SUPPLIED RECORDS
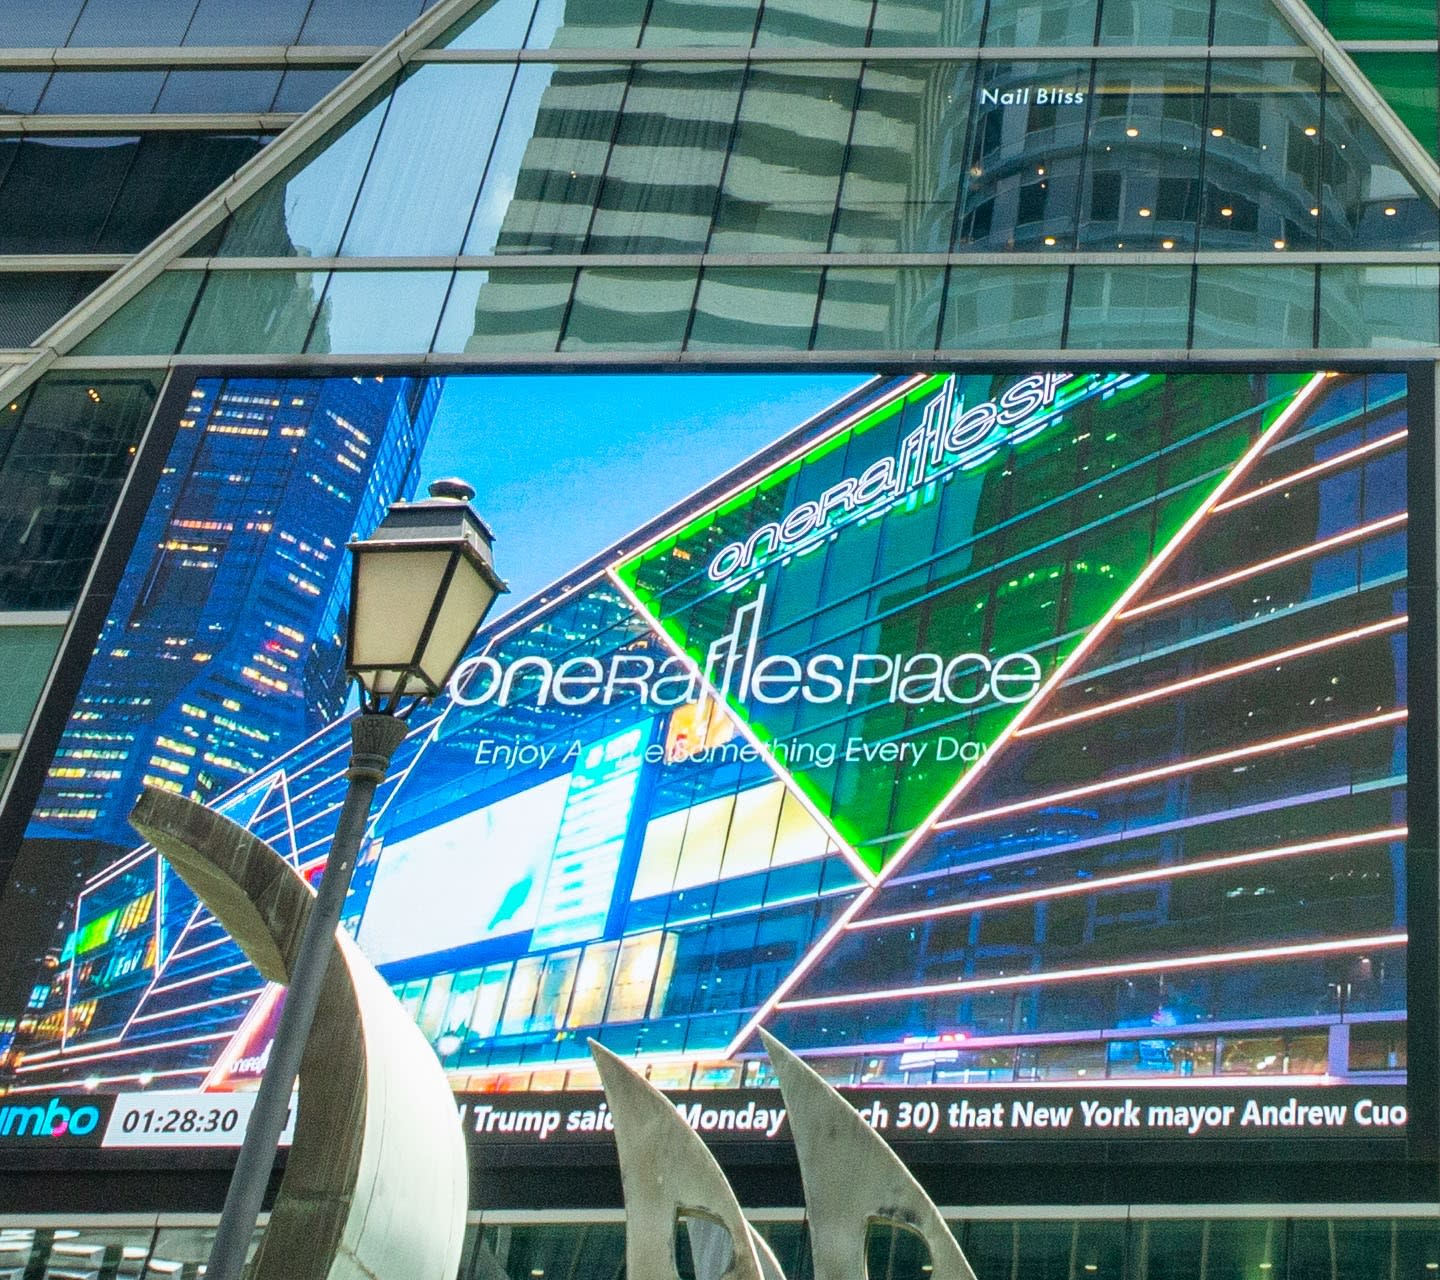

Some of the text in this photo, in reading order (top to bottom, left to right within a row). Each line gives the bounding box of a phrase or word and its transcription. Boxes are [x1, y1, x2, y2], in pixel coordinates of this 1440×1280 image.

[981, 87, 1085, 105] Nail Bliss
[474, 739, 553, 770] Enjoy
[846, 736, 927, 767] Every
[122, 1108, 239, 1133] 01:28:30
[474, 1103, 560, 1139] Trump
[676, 1101, 787, 1137] Monday
[896, 1100, 940, 1134] 30)
[948, 1100, 1004, 1128] that
[1011, 1101, 1073, 1128] New
[1081, 1099, 1141, 1128] York
[1148, 1104, 1235, 1135] mayor
[1241, 1098, 1347, 1127] Andrew
[1354, 1099, 1408, 1127] Cuo

EXERCISE REQUIREMENTS
Transcribe all the data word for word; the images stay out.

EXERCISE OUTPUT
Some of the text in this photo, in reading order (top to bottom, left to right within a row). Each line gives the bounding box of a phrase or word and its transcription. Boxes are [x1, y1, x2, y2], in pixel coordinates of this 1440×1280 image.

[981, 87, 1085, 105] Nail Bliss
[474, 739, 553, 770] Enjoy
[846, 736, 927, 767] Every
[122, 1108, 239, 1133] 01:28:30
[474, 1103, 560, 1139] Trump
[676, 1101, 787, 1137] Monday
[896, 1100, 940, 1134] 30)
[948, 1100, 1004, 1128] that
[1011, 1101, 1073, 1128] New
[1081, 1099, 1141, 1128] York
[1148, 1104, 1235, 1135] mayor
[1241, 1098, 1347, 1127] Andrew
[1354, 1099, 1408, 1127] Cuo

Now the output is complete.